-------- EXERCISE INPUTS

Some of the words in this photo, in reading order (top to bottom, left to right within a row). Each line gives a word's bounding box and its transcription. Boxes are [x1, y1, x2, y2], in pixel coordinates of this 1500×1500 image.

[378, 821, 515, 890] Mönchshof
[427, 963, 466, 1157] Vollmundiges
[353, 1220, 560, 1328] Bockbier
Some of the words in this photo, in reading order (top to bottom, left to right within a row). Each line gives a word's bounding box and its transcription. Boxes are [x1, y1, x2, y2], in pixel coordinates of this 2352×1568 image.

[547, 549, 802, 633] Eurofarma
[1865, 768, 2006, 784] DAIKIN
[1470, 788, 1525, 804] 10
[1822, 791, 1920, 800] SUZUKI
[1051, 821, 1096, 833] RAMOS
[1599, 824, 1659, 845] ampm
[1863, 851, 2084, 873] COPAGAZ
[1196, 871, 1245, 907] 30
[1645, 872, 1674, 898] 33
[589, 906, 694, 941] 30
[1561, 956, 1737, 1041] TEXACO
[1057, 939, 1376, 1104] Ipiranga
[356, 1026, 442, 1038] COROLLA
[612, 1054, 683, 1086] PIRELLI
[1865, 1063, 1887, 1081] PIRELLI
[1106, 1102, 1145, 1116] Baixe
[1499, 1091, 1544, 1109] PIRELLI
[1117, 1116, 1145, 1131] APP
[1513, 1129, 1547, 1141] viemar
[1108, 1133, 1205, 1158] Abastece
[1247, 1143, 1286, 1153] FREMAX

----------------

## THE PROBLEM
Set down, exactly and without anything extra, every line from the one that contains "this 2352×1568 image." through the final line of the material.

## ANSWER TO THE EXERCISE
Some of the words in this photo, in reading order (top to bottom, left to right within a row). Each line gives a word's bounding box and its transcription. Boxes are [x1, y1, x2, y2], in pixel coordinates of this 2352×1568 image.

[547, 549, 802, 633] Eurofarma
[1865, 768, 2006, 784] DAIKIN
[1470, 788, 1525, 804] 10
[1822, 791, 1920, 800] SUZUKI
[1051, 821, 1096, 833] RAMOS
[1599, 824, 1659, 845] ampm
[1863, 851, 2084, 873] COPAGAZ
[1196, 871, 1245, 907] 30
[1645, 872, 1674, 898] 33
[589, 906, 694, 941] 30
[1561, 956, 1737, 1041] TEXACO
[1057, 939, 1376, 1104] Ipiranga
[356, 1026, 442, 1038] COROLLA
[612, 1054, 683, 1086] PIRELLI
[1865, 1063, 1887, 1081] PIRELLI
[1106, 1102, 1145, 1116] Baixe
[1499, 1091, 1544, 1109] PIRELLI
[1117, 1116, 1145, 1131] APP
[1513, 1129, 1547, 1141] viemar
[1108, 1133, 1205, 1158] Abastece
[1247, 1143, 1286, 1153] FREMAX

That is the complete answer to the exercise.